И где же тогда здесь я? То есть “Я”?
Обо всём этом я думал, пытаясь уйти от мыслей о том, что случилось до того, как моё тело, неловко искривившись, мёртво опрокинулось на спину, и от неразрешимого вопроса, как долго это длилось. День? Два? Мы пили с Кобриным и Злобиным (вспомнив, я застонал), затем, кажется, были Тагир, Башмаков, сетка, натянутая на провал этажей за лифтом, и я, прыгающий на этой сетке, Ирина, кто-то стоящий на коленях перед ней (не я), наклоняющееся ко мне лицо Лизы, на самом деле не её лицо, а лицо моей мамы… Было ли это всё?.. Лучше не думать.

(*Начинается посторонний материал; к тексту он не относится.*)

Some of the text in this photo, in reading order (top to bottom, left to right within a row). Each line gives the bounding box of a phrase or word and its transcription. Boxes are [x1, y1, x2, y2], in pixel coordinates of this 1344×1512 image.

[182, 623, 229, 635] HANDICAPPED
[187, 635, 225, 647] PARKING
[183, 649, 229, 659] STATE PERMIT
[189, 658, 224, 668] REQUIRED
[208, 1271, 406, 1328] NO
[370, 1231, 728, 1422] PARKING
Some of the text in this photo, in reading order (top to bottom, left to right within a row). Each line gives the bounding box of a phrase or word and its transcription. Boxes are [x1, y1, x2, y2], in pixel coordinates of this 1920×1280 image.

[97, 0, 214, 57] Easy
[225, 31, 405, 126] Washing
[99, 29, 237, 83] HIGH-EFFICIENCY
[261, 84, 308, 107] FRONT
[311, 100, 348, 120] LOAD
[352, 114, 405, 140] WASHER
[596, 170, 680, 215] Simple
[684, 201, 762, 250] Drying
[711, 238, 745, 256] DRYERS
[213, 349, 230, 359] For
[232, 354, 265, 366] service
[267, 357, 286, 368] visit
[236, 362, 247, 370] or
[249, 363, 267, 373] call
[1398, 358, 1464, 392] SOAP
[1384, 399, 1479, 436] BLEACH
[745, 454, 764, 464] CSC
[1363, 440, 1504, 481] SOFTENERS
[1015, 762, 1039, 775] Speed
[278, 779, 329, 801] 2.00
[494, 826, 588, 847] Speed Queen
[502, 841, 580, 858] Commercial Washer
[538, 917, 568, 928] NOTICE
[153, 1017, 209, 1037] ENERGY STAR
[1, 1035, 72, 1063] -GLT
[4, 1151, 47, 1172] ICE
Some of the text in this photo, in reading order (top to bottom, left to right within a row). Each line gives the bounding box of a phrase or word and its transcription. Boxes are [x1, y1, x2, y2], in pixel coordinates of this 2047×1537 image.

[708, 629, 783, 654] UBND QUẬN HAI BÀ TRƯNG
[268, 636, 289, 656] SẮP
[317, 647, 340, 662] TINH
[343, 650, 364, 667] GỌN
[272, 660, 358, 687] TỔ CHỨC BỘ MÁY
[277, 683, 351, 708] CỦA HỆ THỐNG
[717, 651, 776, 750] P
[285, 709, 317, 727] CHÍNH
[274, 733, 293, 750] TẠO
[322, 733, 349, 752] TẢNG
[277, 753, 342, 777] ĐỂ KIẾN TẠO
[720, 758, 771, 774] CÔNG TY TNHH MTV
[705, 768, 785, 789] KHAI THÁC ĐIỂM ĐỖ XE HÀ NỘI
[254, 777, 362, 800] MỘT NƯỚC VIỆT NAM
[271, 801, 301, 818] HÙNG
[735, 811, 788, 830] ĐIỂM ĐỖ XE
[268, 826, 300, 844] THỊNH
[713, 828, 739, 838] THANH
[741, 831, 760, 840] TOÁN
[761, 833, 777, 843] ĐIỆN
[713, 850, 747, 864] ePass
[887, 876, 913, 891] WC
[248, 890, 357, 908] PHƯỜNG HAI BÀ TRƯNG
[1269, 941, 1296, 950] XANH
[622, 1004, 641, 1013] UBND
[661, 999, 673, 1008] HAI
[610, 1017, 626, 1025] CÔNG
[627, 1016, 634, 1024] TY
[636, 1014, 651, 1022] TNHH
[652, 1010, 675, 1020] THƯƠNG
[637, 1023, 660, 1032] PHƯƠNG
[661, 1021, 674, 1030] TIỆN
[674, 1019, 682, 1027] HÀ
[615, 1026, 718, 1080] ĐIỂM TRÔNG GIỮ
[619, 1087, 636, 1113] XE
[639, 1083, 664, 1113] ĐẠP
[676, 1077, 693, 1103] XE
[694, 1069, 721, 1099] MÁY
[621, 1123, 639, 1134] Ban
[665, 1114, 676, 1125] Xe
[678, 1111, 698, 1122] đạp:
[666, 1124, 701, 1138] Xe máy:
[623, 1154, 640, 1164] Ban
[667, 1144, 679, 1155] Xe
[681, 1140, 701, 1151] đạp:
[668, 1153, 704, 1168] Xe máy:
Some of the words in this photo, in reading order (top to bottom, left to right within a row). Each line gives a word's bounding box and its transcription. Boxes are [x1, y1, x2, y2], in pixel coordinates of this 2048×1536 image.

Итак, где же тогда я, если кто-то (не я) ходит в чём-то (не во мне). И кто, в таком случае, я?
— Кто я? — глаза разлепились, и раздался мой голос, скрипучий, как у летучей мыши.
— Ты русский воин, павший на Куликовом поле, — сказал Ваня Беленький, интеллигентно хихикая и помахивая полбутылкой пива.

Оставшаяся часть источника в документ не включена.